THE DATA:
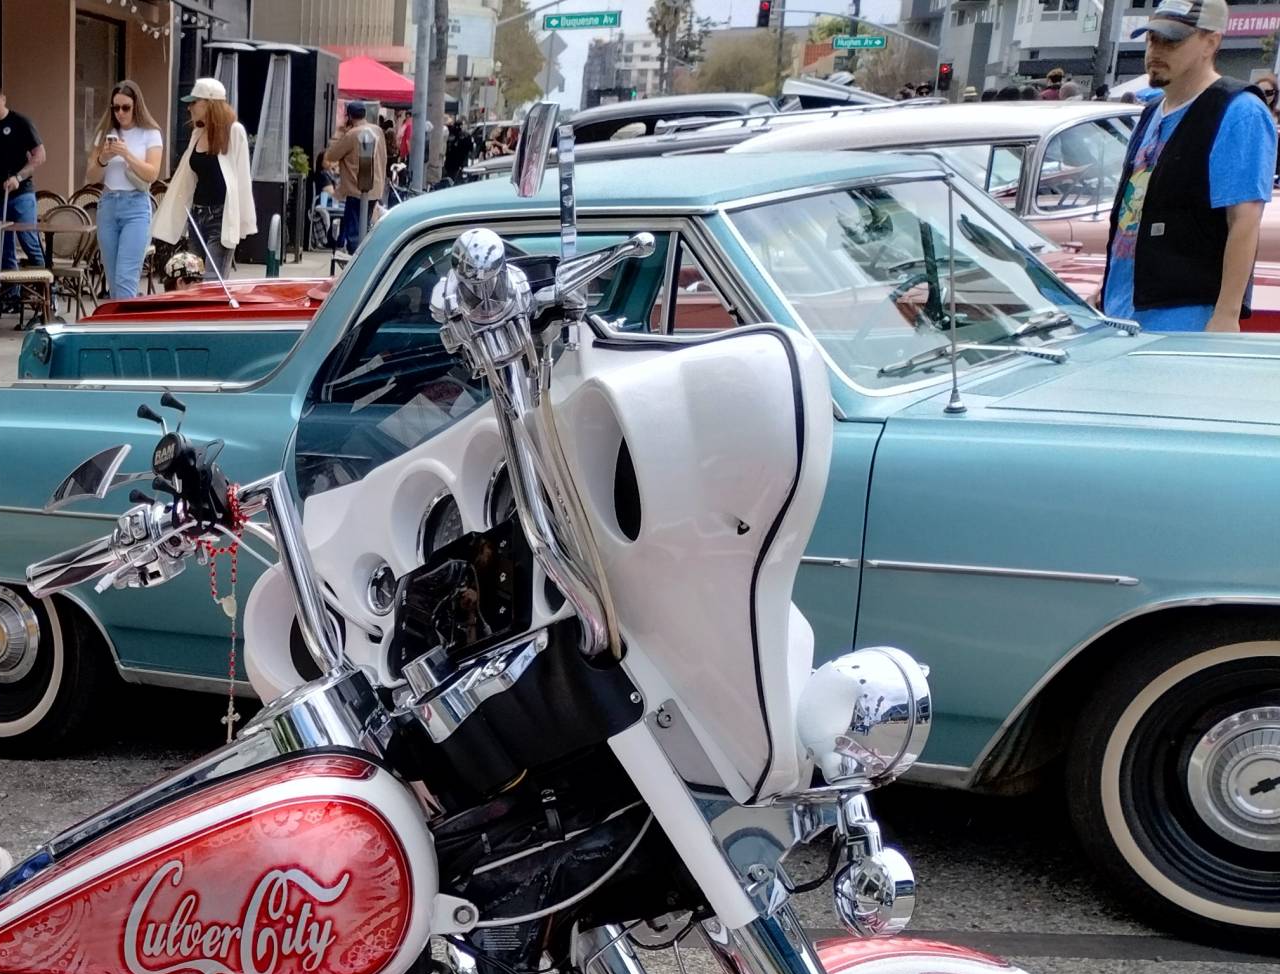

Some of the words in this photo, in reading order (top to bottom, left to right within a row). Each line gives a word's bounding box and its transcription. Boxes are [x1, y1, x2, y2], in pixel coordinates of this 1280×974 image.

[560, 17, 600, 27] Duquesne
[603, 15, 615, 25] Av
[863, 38, 873, 46] Av
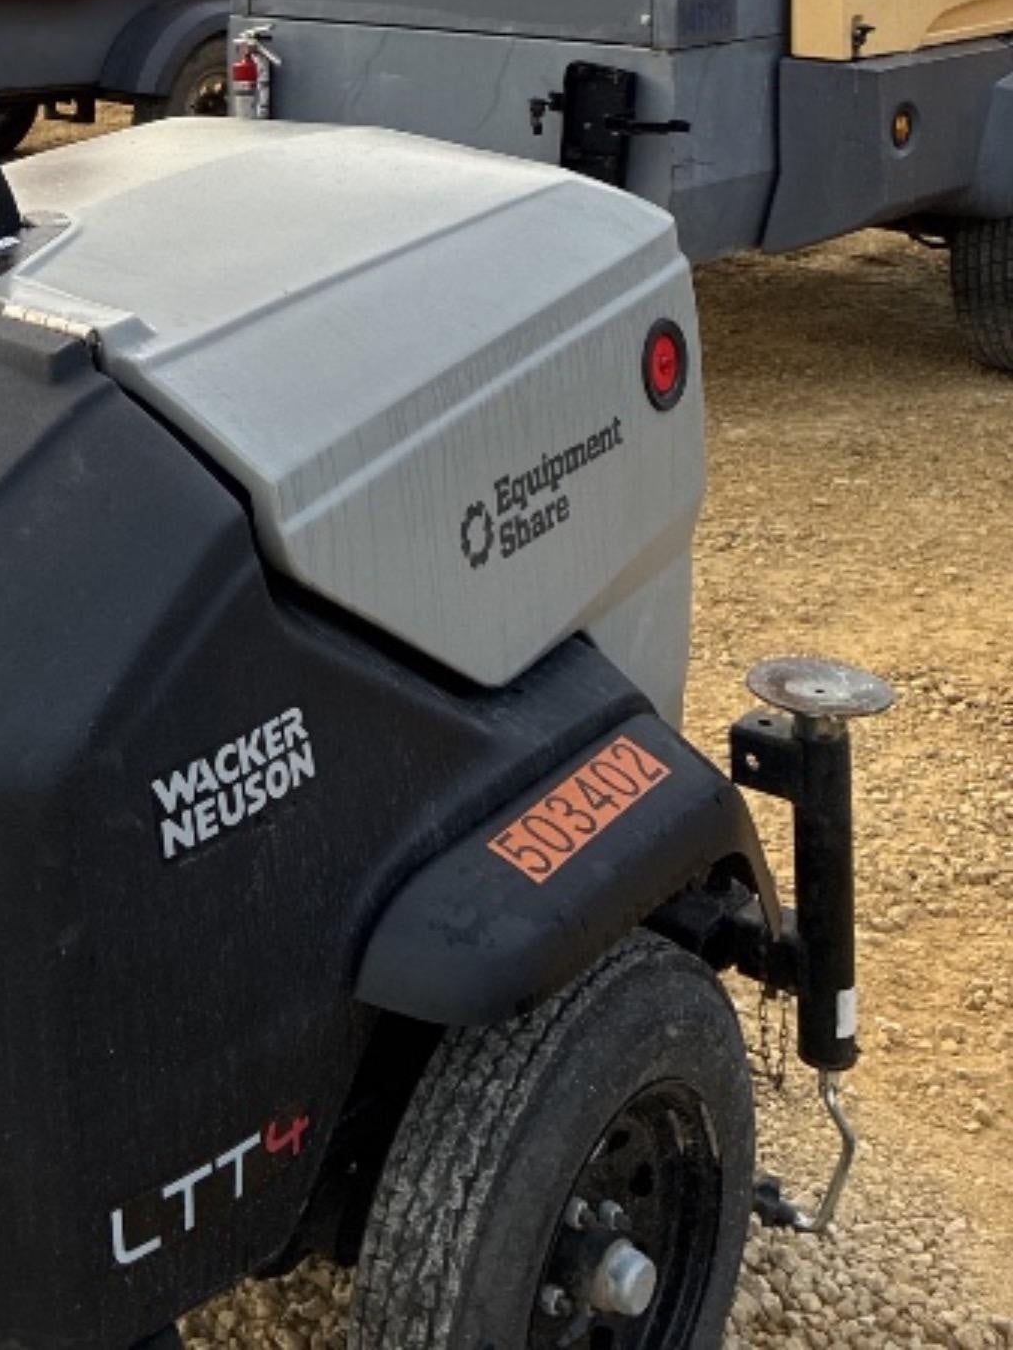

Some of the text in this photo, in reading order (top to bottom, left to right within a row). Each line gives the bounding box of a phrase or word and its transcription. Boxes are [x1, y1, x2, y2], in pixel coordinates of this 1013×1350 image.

WORK ITEM: Nothing but the text of the listing should be set down, exactly, with the pictures left behind.

SOLUTION:
Some of the words in this photo, in reading order (top to bottom, left to right within a row). Each line gives a word's bounding box and its transcription. Boxes are [x1, y1, x2, y2], in pixel coordinates of this 1280×974 image.

[560, 17, 600, 27] Duquesne
[603, 15, 615, 25] Av
[863, 38, 873, 46] Av

Some of the text in this photo, in reading order (top to bottom, left to right within a row). Each line gives the bounding box of a phrase or word and its transcription. Boxes are [x1, y1, x2, y2], in pixel coordinates of this 1013×1350 image.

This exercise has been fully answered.